● Task to complete
The entries are to be reproduced verbatim, and their pictures left out.

Dataset content: Begin

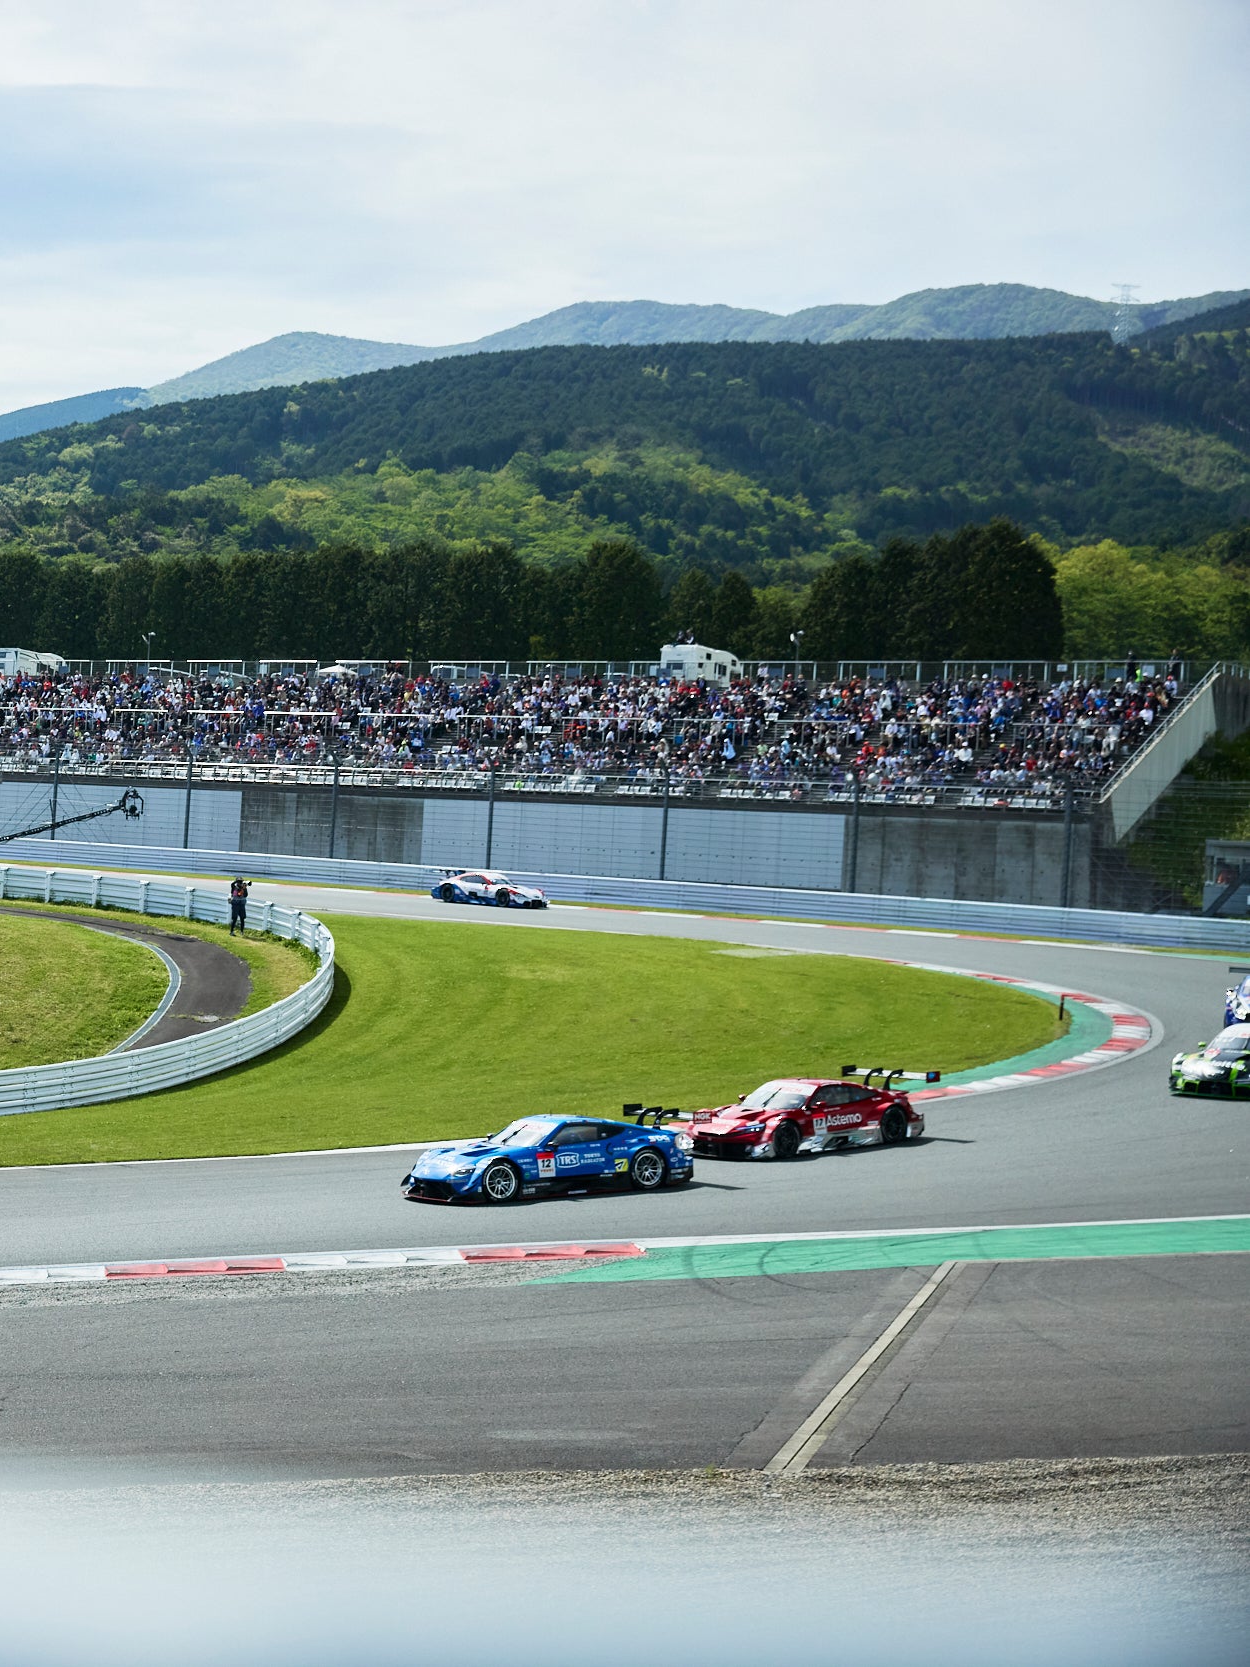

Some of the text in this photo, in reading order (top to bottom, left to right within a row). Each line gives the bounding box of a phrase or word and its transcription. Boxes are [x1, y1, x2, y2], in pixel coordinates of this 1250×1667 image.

[826, 1113, 863, 1126] Astemo
[541, 1159, 552, 1168] 12
[559, 1155, 578, 1165] TRS
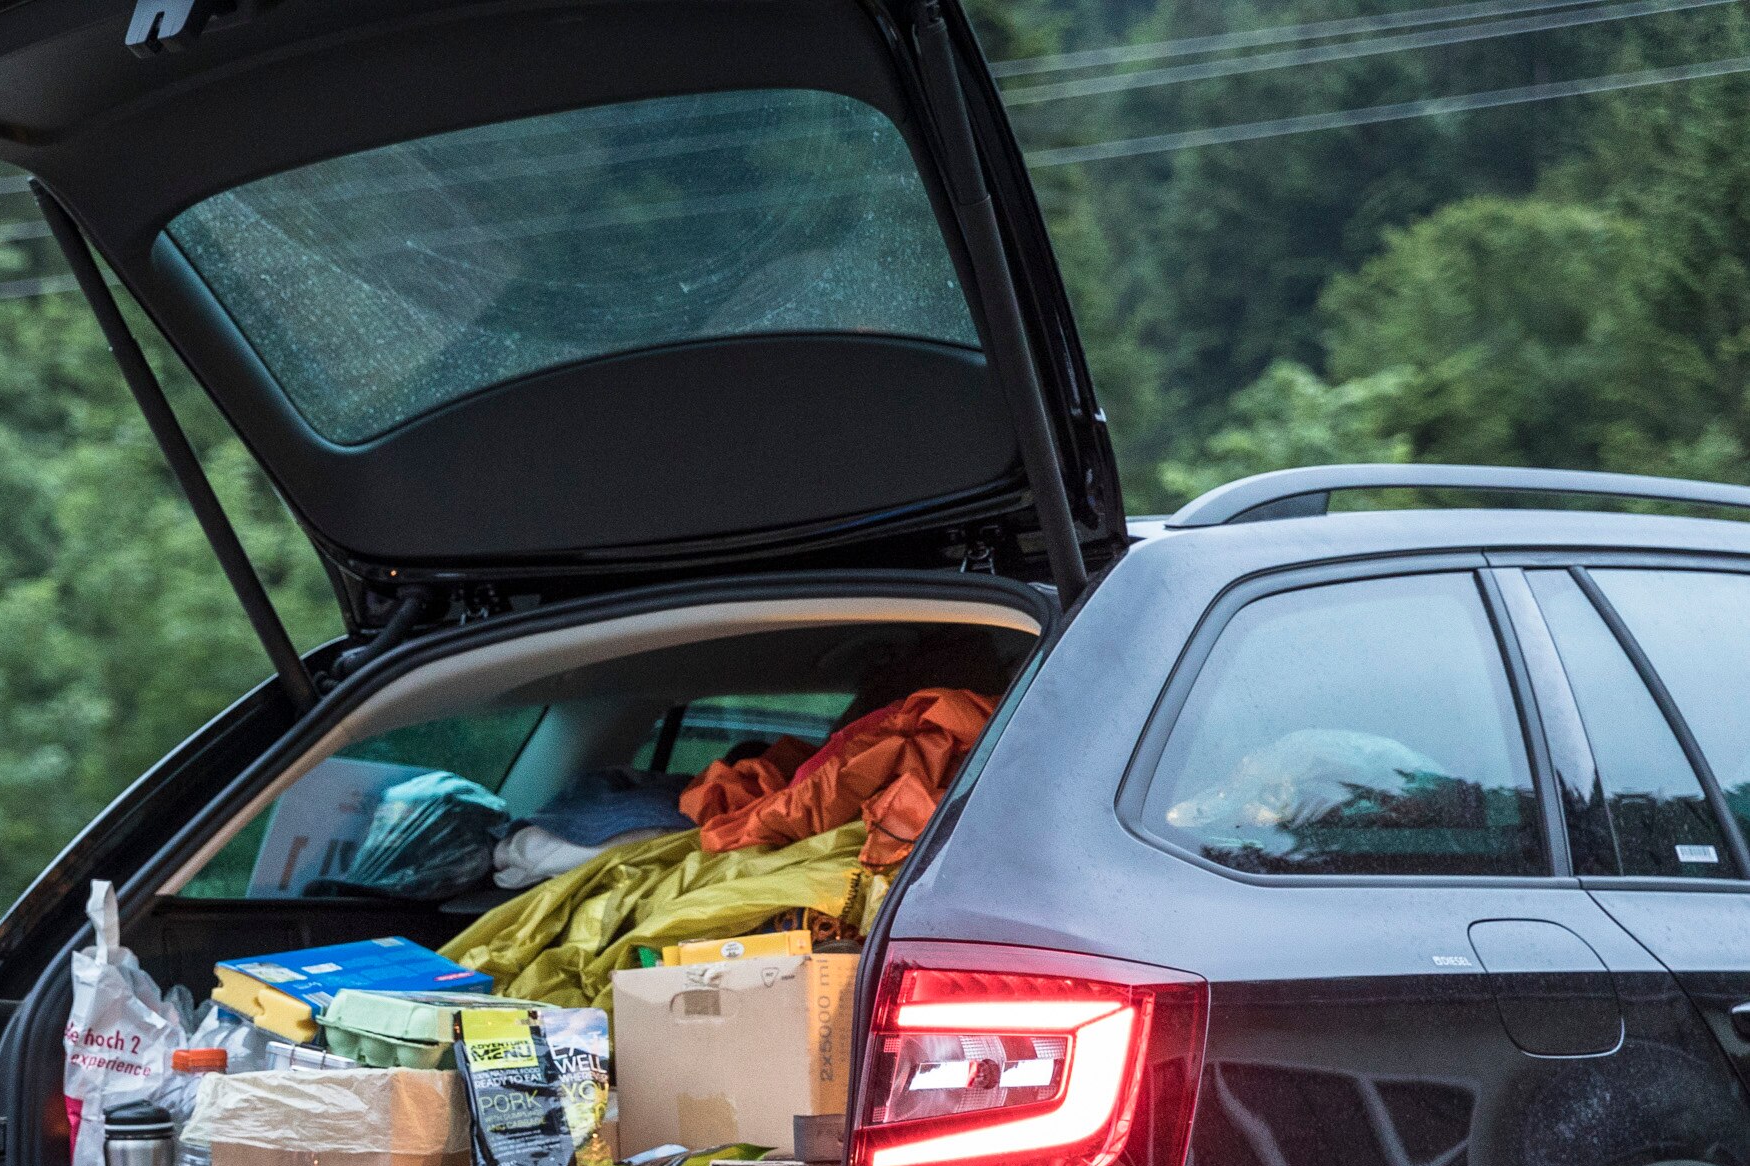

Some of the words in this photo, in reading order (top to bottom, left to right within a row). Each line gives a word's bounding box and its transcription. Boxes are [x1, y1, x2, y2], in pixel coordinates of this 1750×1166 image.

[84, 1028, 125, 1051] hoch
[131, 1035, 142, 1055] 2
[470, 1040, 529, 1051] ADVENTURE
[471, 1045, 532, 1062] MENU
[553, 1053, 608, 1074] WELL
[71, 1053, 152, 1077] experience
[474, 1077, 507, 1089] READY
[507, 1073, 524, 1085] TO
[479, 1089, 543, 1115] PORK

Dataset content: End

● Reply to the task
Some of the text in this photo, in reading order (top to bottom, left to right within a row). Each line gives the bounding box of a phrase or word and its transcription. Boxes are [x1, y1, x2, y2], in pixel coordinates of this 1250×1667 image.

[826, 1113, 863, 1126] Astemo
[541, 1159, 552, 1168] 12
[559, 1155, 578, 1165] TRS

Some of the words in this photo, in reading order (top to bottom, left to right within a row). Each line gives a word's bounding box and its transcription. Boxes are [x1, y1, x2, y2], in pixel coordinates of this 1750×1166 image.

[84, 1028, 125, 1051] hoch
[131, 1035, 142, 1055] 2
[470, 1040, 529, 1051] ADVENTURE
[471, 1045, 532, 1062] MENU
[553, 1053, 608, 1074] WELL
[71, 1053, 152, 1077] experience
[474, 1077, 507, 1089] READY
[507, 1073, 524, 1085] TO
[479, 1089, 543, 1115] PORK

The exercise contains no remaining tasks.